**MATERIALS PROVIDED**
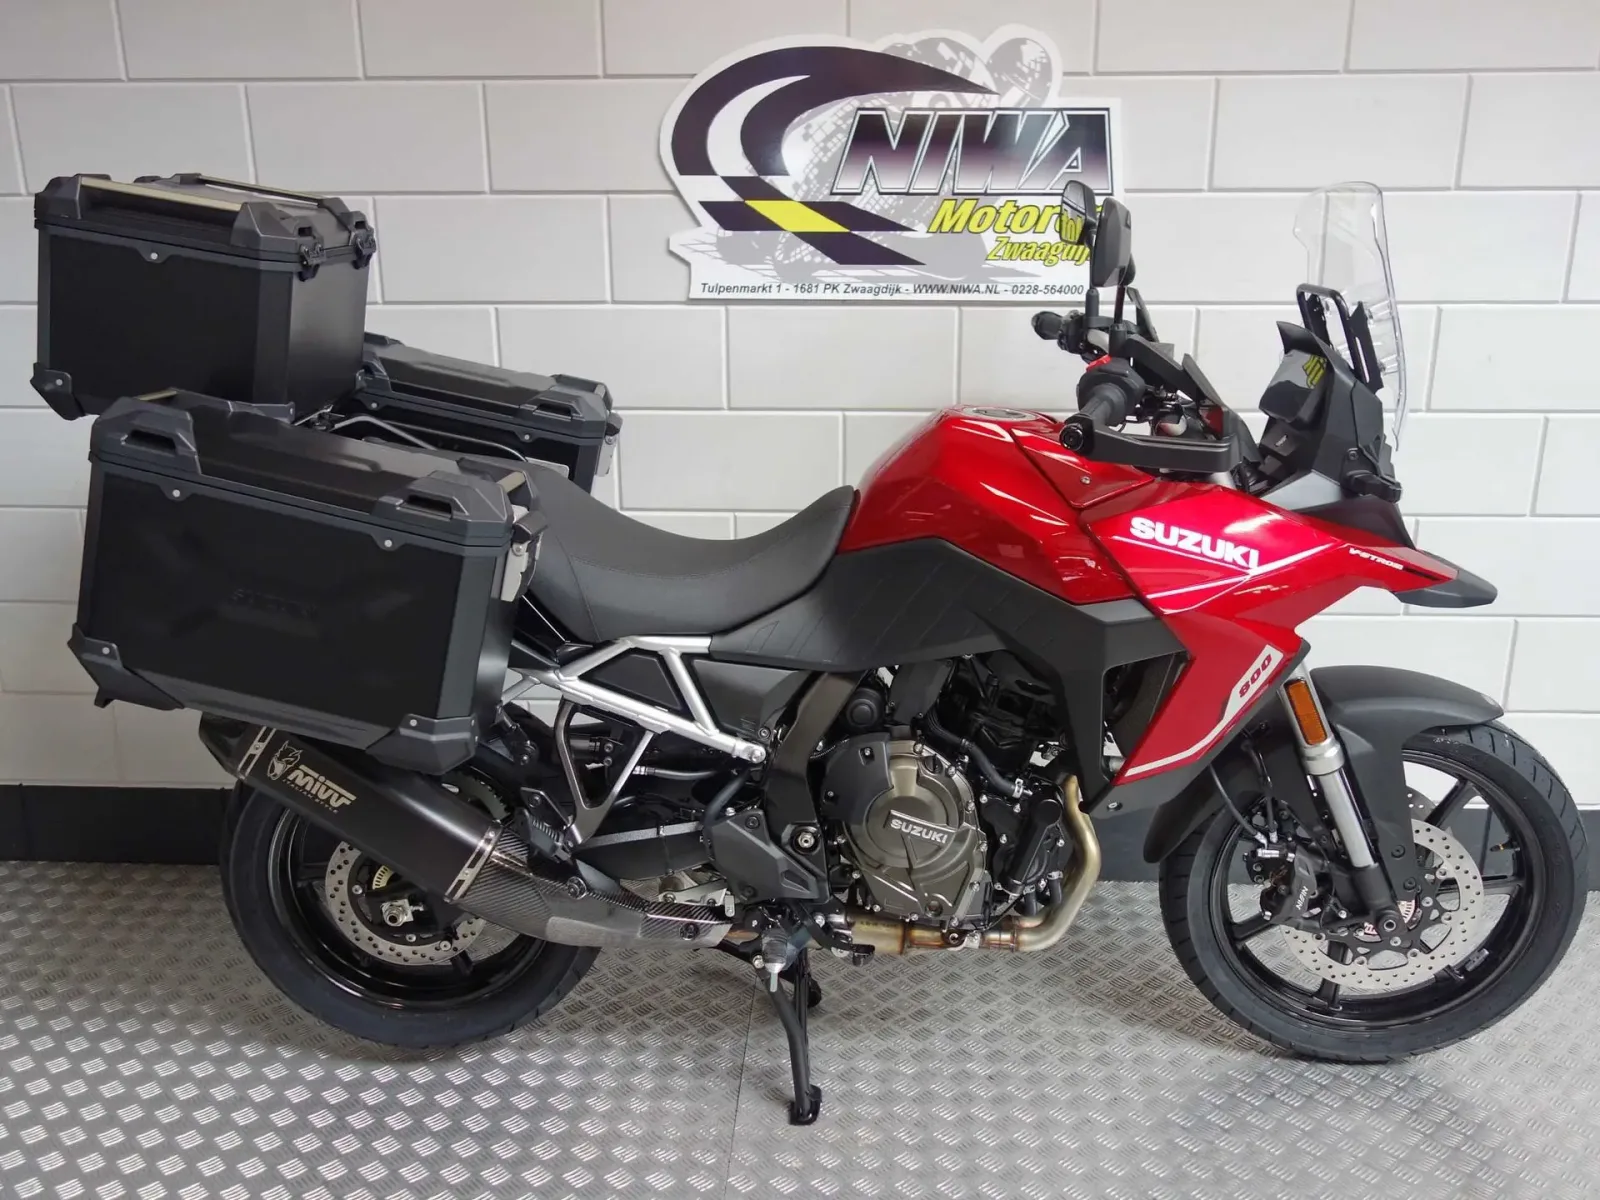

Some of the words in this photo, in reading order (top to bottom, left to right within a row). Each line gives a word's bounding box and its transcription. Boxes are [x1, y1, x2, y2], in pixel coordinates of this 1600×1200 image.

[830, 107, 1114, 196] NIWA
[927, 199, 1102, 233] Motor
[700, 282, 773, 296] Tulpenmarkt
[775, 283, 782, 294] 1
[793, 283, 820, 295] 1681
[822, 283, 840, 294] PK
[843, 283, 902, 297] Zwaagdijk
[913, 283, 1000, 295] WWW.NIWA.NL
[1011, 284, 1084, 296] 0228-564000
[1130, 517, 1260, 569] SUZUKI
[1239, 653, 1272, 697] 800
[890, 819, 948, 843] SUZUKI
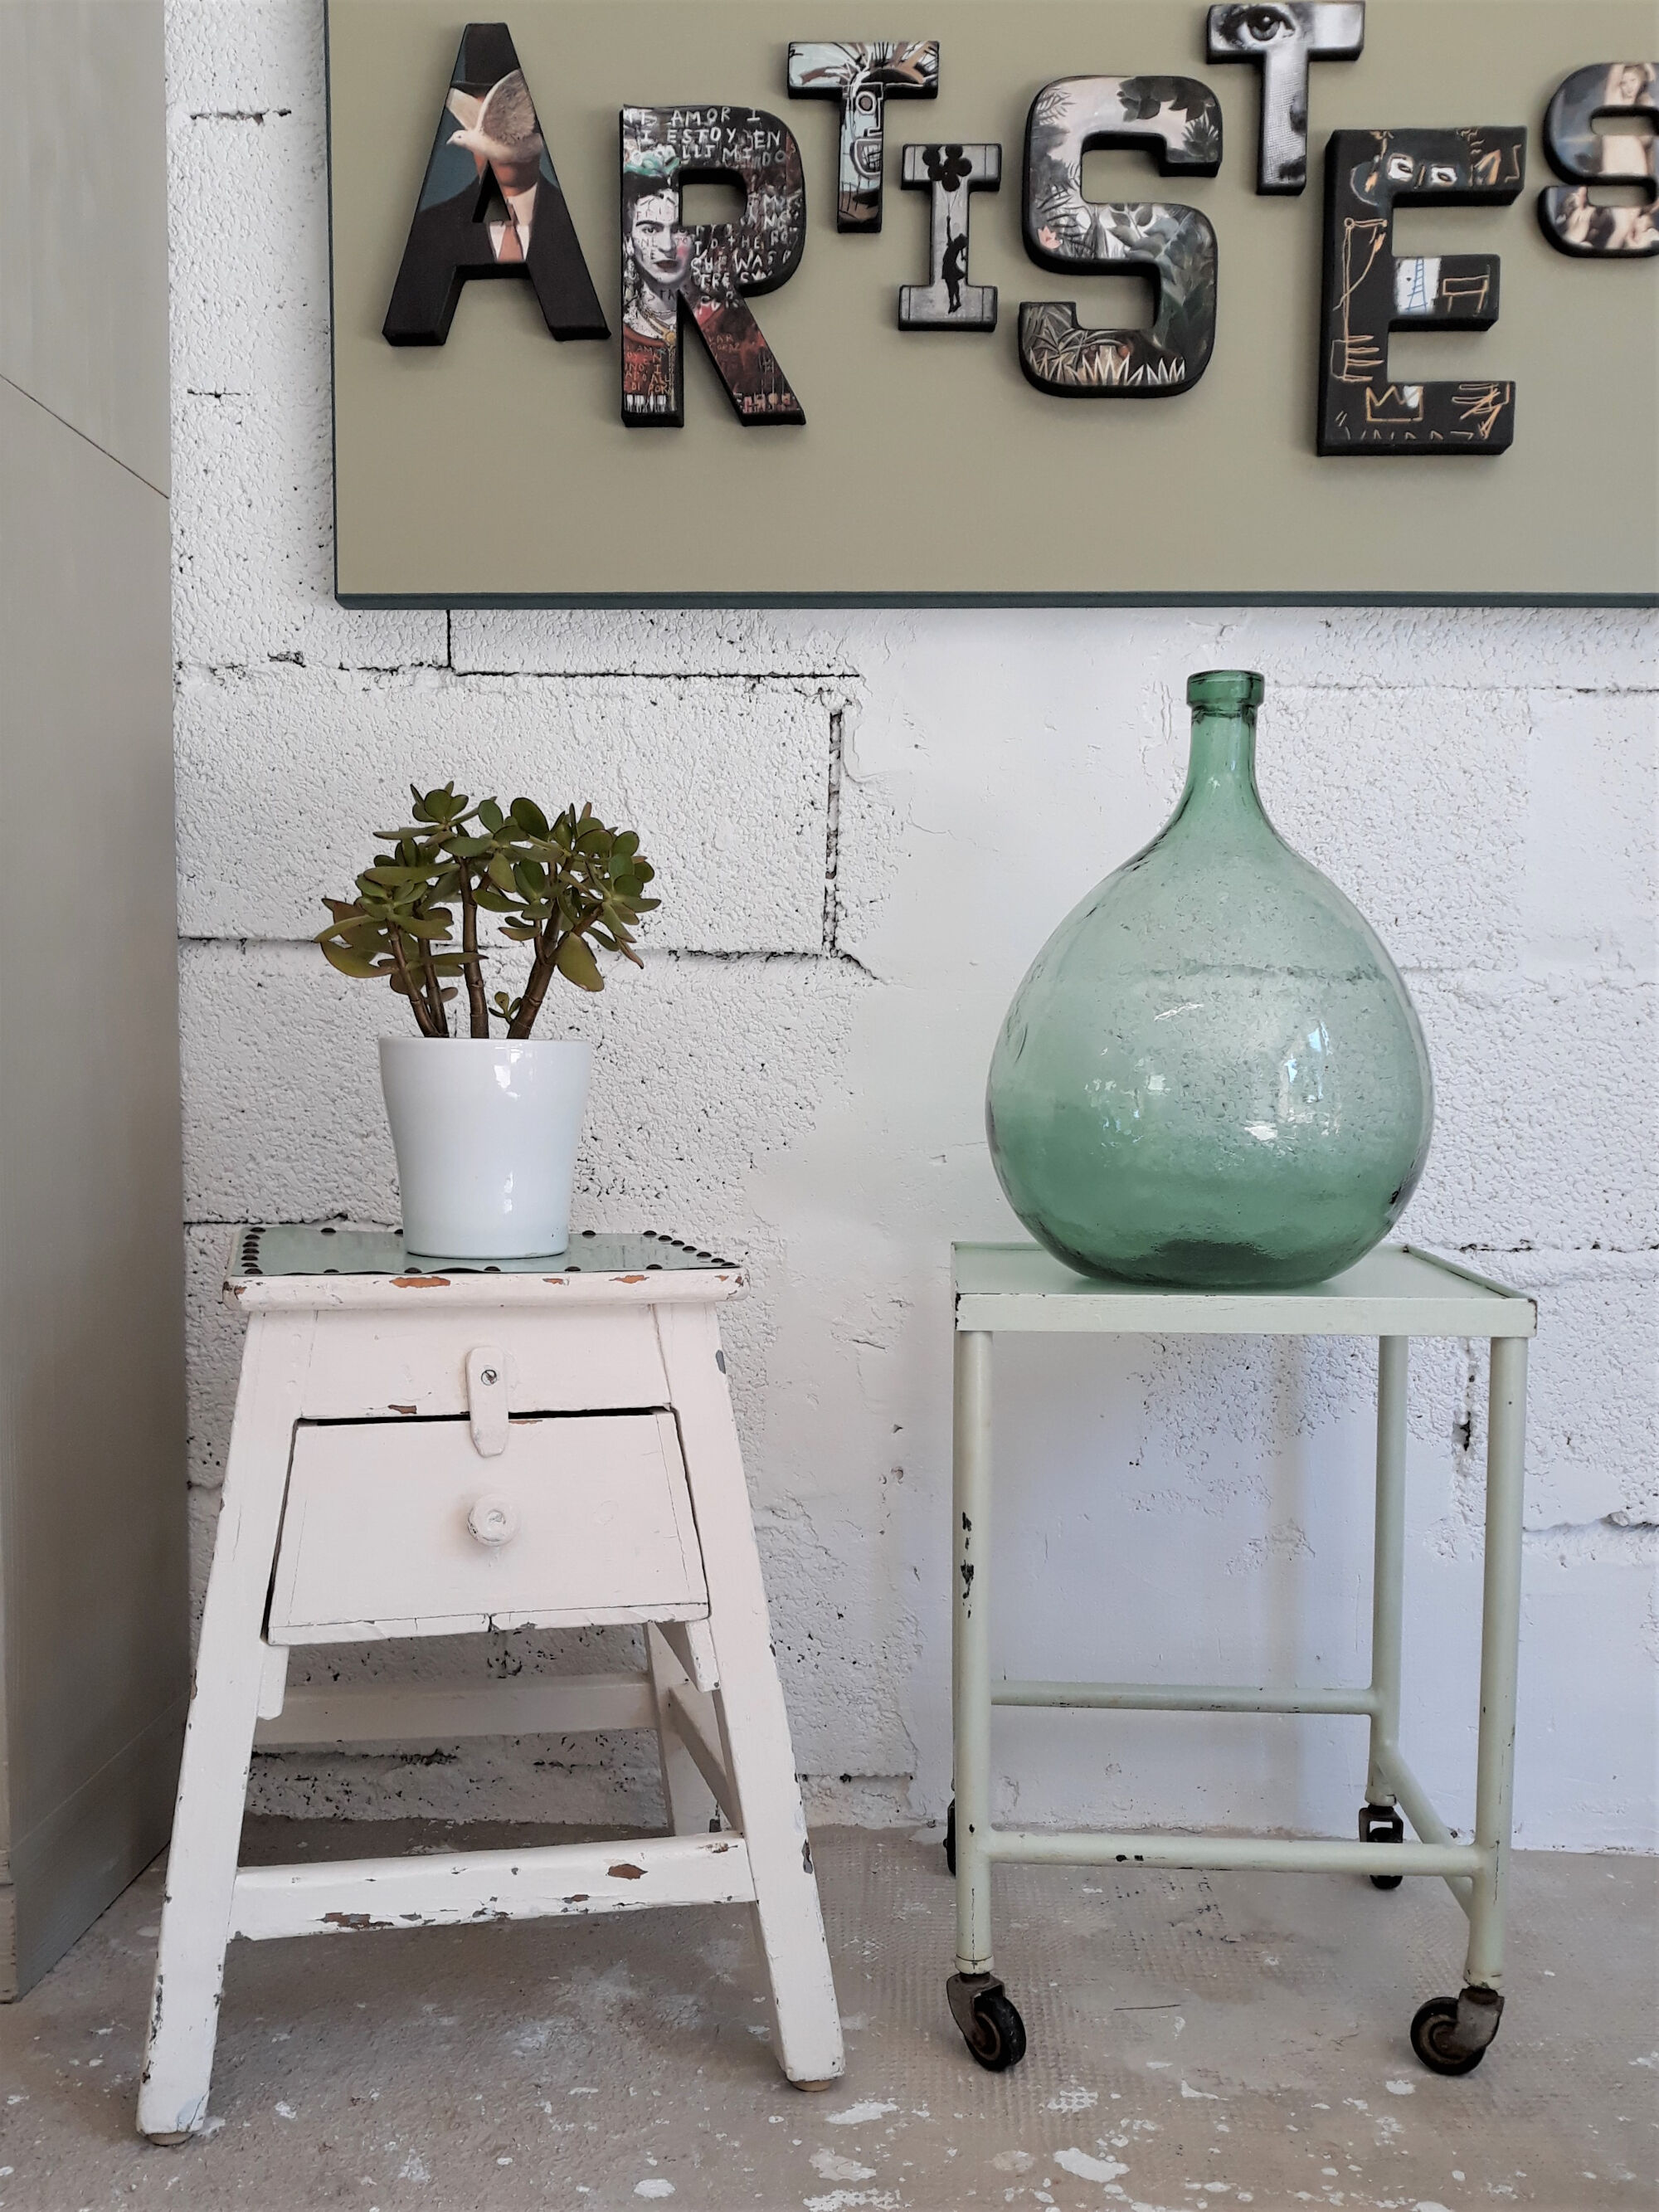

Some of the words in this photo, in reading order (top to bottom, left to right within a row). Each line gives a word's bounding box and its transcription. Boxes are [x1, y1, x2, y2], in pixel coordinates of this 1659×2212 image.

[670, 106, 732, 127] AMOR
[666, 127, 737, 144] ESTOY
[382, 2, 1659, 454] ARTISTES
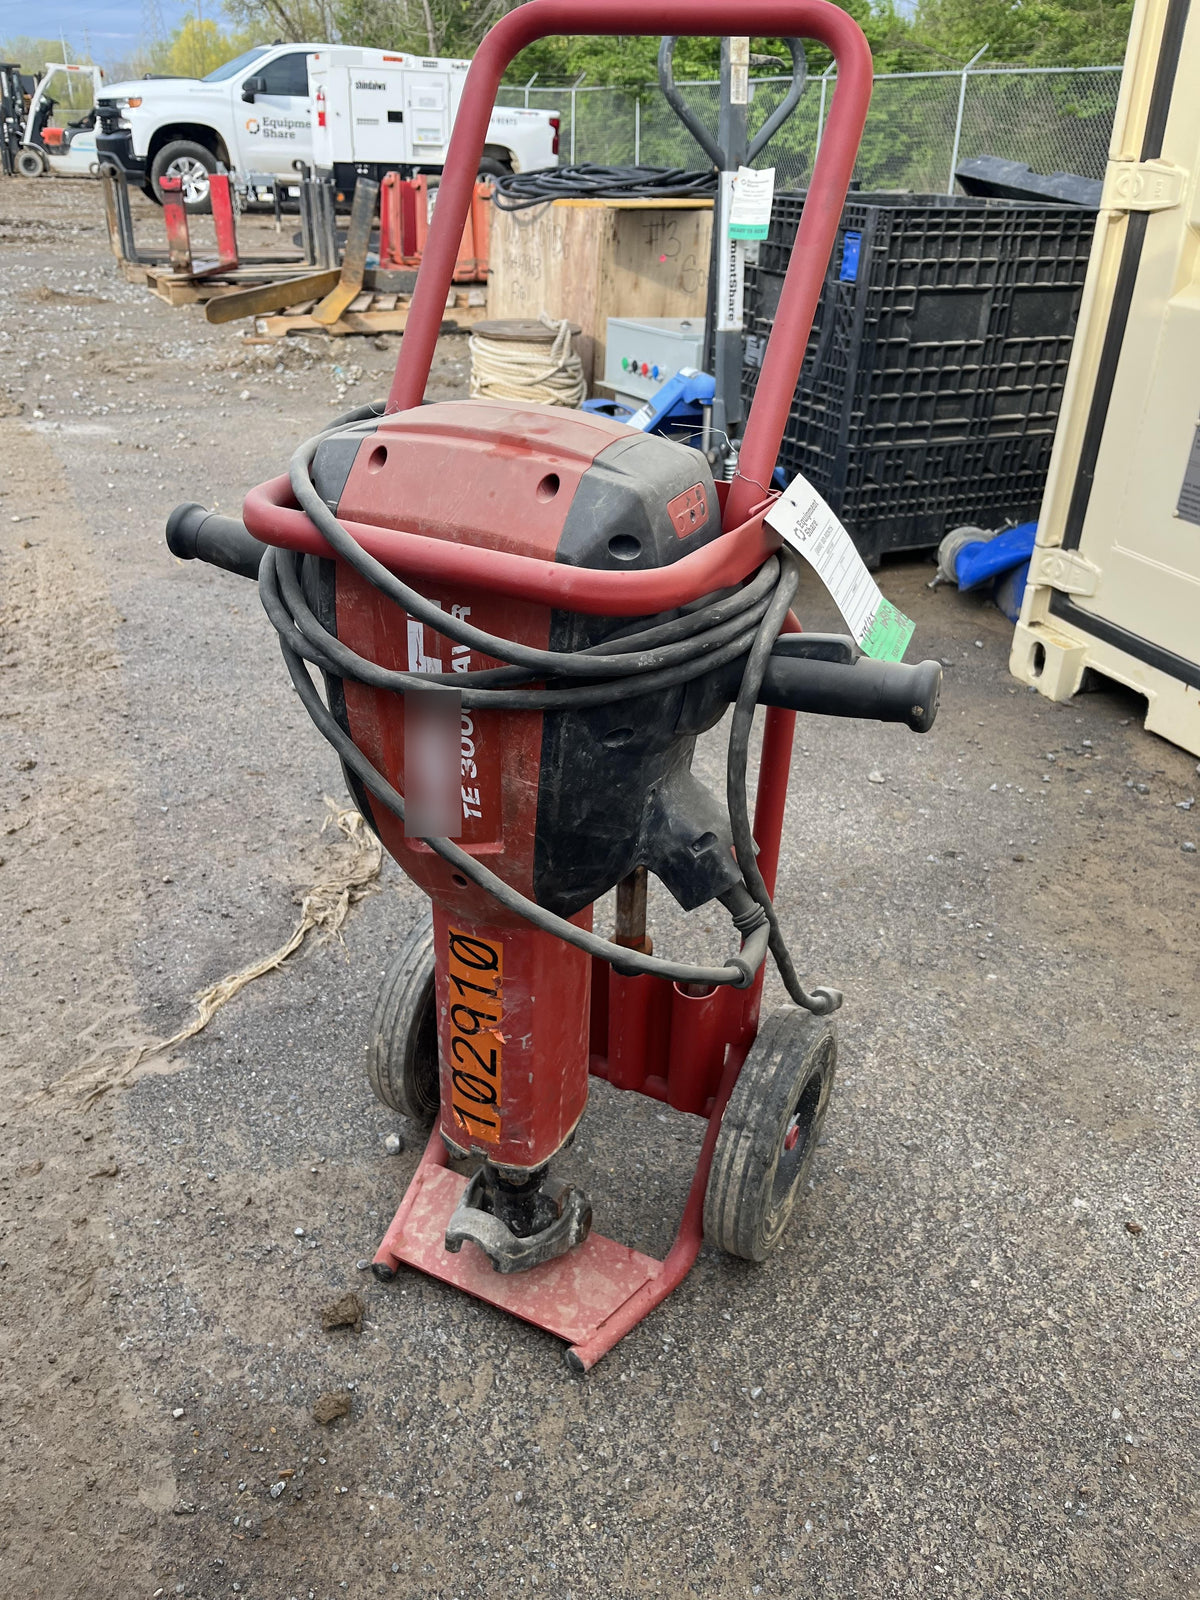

**TASK STATEMENT**
The records above, minus their pictures, are to be returned verbatim.

**RESPONSE BOX**
Some of the words in this photo, in reading order (top to bottom, left to right within a row). Each line gives a word's bounding box and its transcription. Boxes are [x1, y1, x2, y2], in pixel coordinates of this 1600×1200 image.

[830, 107, 1114, 196] NIWA
[927, 199, 1102, 233] Motor
[700, 282, 773, 296] Tulpenmarkt
[775, 283, 782, 294] 1
[793, 283, 820, 295] 1681
[822, 283, 840, 294] PK
[843, 283, 902, 297] Zwaagdijk
[913, 283, 1000, 295] WWW.NIWA.NL
[1011, 284, 1084, 296] 0228-564000
[1130, 517, 1260, 569] SUZUKI
[1239, 653, 1272, 697] 800
[890, 819, 948, 843] SUZUKI

Some of the words in this photo, in reading order (top to bottom, left to right within a row). Each line gives a word's bounding box and its transcription. Boxes are [x1, y1, x2, y2], in pixel coordinates of this 1659×2212 image.

[670, 106, 732, 127] AMOR
[666, 127, 737, 144] ESTOY
[382, 2, 1659, 454] ARTISTES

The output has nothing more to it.